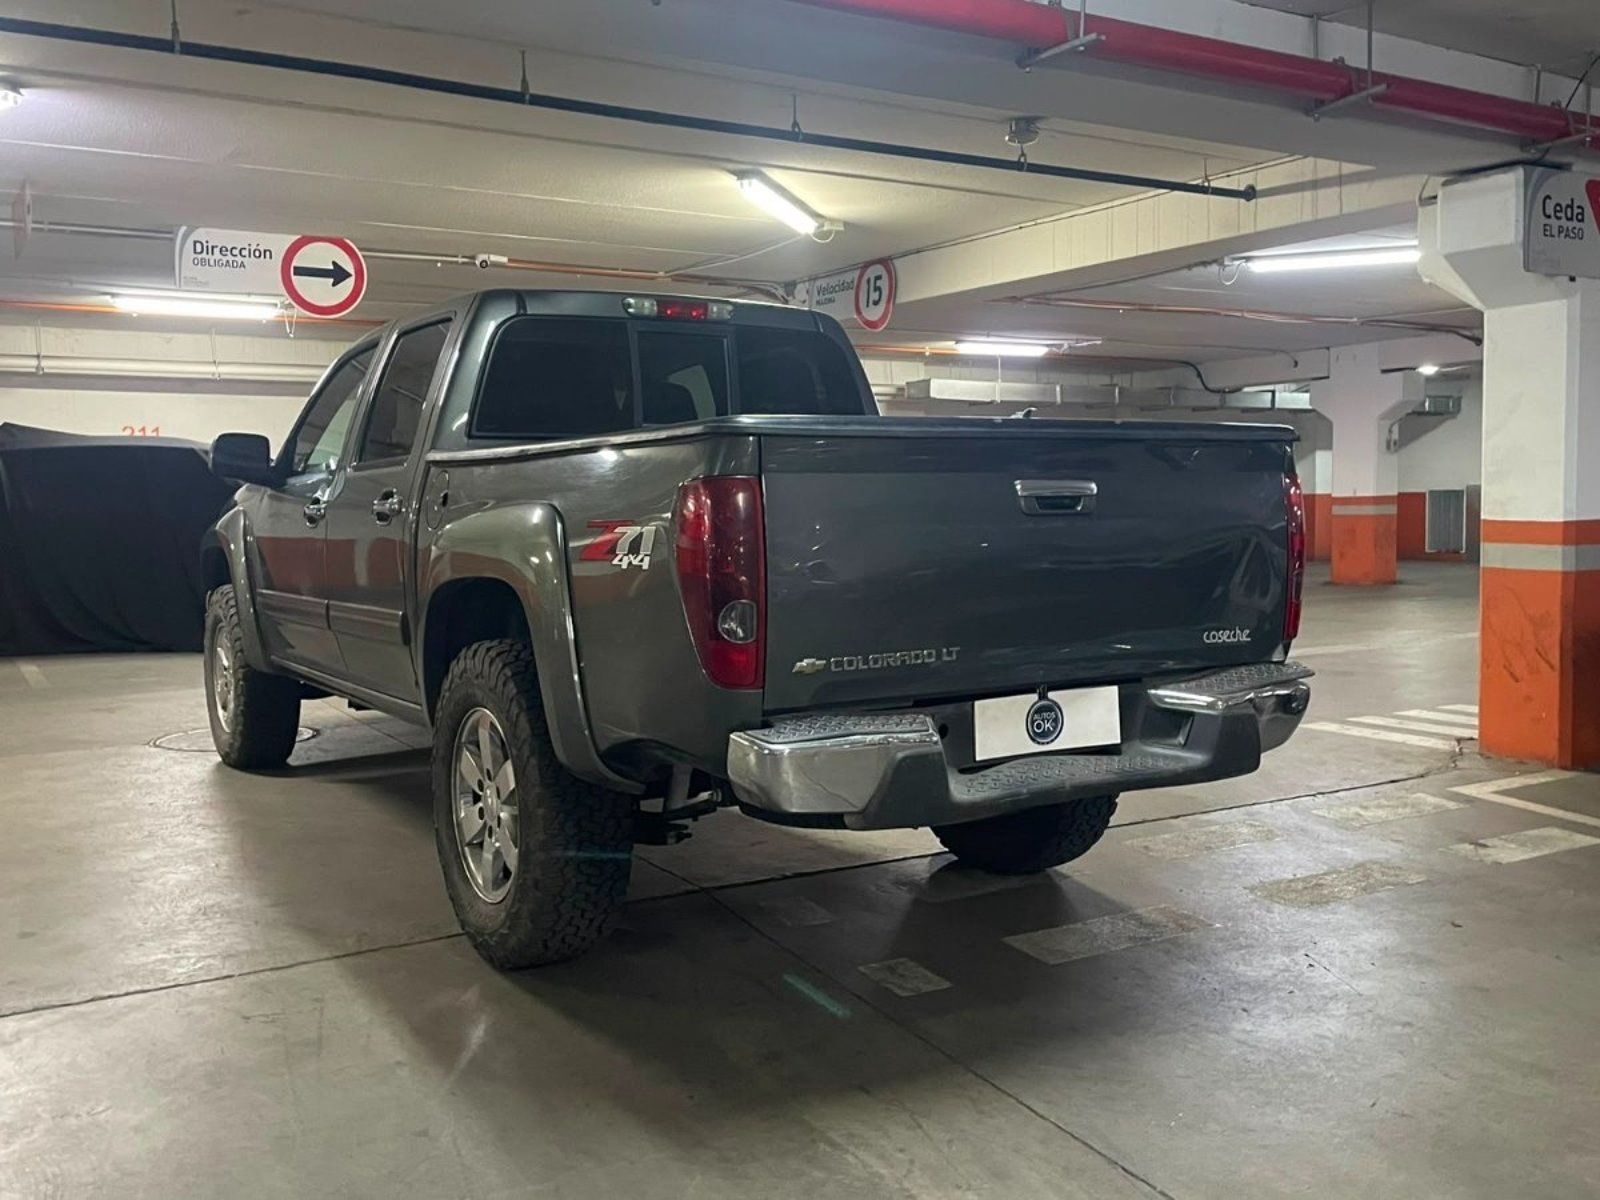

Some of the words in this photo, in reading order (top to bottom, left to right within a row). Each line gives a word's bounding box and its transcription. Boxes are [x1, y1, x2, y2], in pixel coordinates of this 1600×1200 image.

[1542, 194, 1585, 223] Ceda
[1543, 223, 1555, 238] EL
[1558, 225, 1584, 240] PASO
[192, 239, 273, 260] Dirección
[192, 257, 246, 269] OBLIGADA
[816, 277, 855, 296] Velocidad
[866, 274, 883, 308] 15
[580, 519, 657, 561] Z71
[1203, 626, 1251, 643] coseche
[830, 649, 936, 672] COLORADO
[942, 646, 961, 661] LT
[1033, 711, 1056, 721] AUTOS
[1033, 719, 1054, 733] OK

________________________________________

Set the records down again exactly, with no pictures.

Some of the words in this photo, in reading order (top to bottom, left to right within a row). Each line gives a word's bounding box and its transcription. Boxes are [x1, y1, x2, y2], in pixel coordinates of this 1600×1200 image.

[1542, 194, 1585, 223] Ceda
[1543, 223, 1555, 238] EL
[1558, 225, 1584, 240] PASO
[192, 239, 273, 260] Dirección
[192, 257, 246, 269] OBLIGADA
[816, 277, 855, 296] Velocidad
[866, 274, 883, 308] 15
[580, 519, 657, 561] Z71
[1203, 626, 1251, 643] coseche
[830, 649, 936, 672] COLORADO
[942, 646, 961, 661] LT
[1033, 711, 1056, 721] AUTOS
[1033, 719, 1054, 733] OK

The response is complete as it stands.